Deriving the Gaussian density probability equation

1. Feb 29, 2012

CuriousQuazim

Hey ^^, new here but I already have a question haha

Does anyone here know how the coefficient (x-μ)^2 was derived in the following equation:

σ^3=(1/√2∏)∫(1/σ)*(x-μ)^2*exp((x-μ)^2)/(2σ^2))

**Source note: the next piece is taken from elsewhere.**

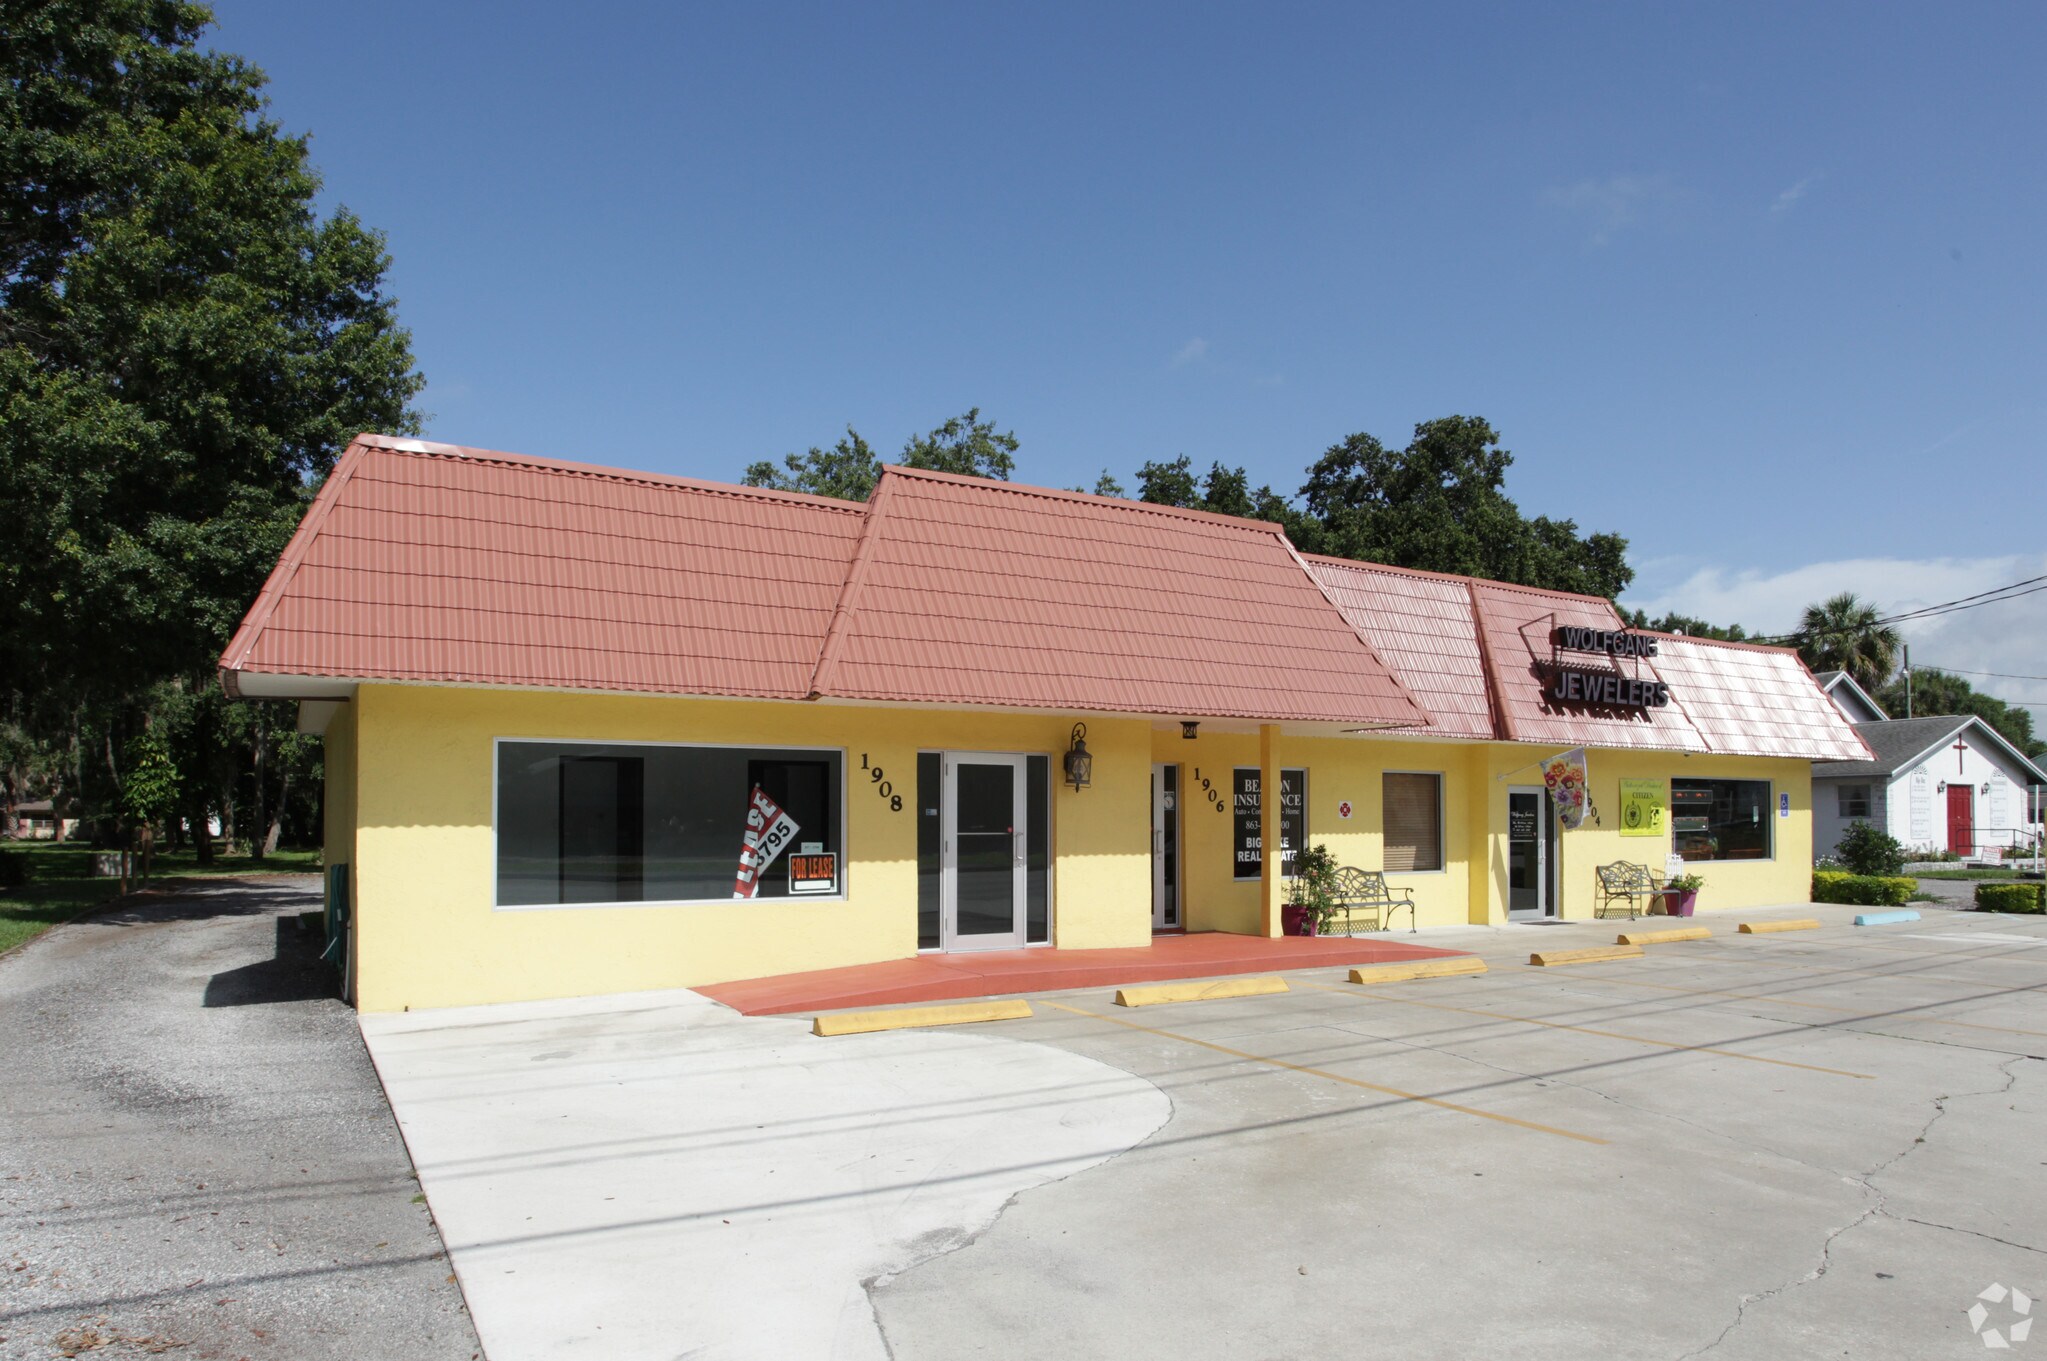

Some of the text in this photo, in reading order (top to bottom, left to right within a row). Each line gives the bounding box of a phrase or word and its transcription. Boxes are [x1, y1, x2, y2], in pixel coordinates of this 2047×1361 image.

I know the general equation for density probability is (1/σ)*exp((x-μ)^2)/(2σ^2))
but in this case I can't quite see how the coefficient came about... any help?

2. Feb 29, 2012

alan2

Your expression looks wrong to me. Could you check it for accuracy?

3. Feb 29, 2012

mathman

It looks like it should be σ2. The expression is essentially the definition of the variance, the second moment of the distribution centered at the mean.

4. Mar 1, 2012

CuriousQuazim

Oh I'm sorry that was an error on my part, it is indeed σ^2

σ^2=(1/√2∏)∫(1/σ)*(x-μ)^2*exp((x-μ)^2)/(2σ^2))

Ah thank you so much mathman ^^, that's what I was looking for! I'm studying engineering so sometimes they just throw mathematical equations at us with no explanation ¬_¬.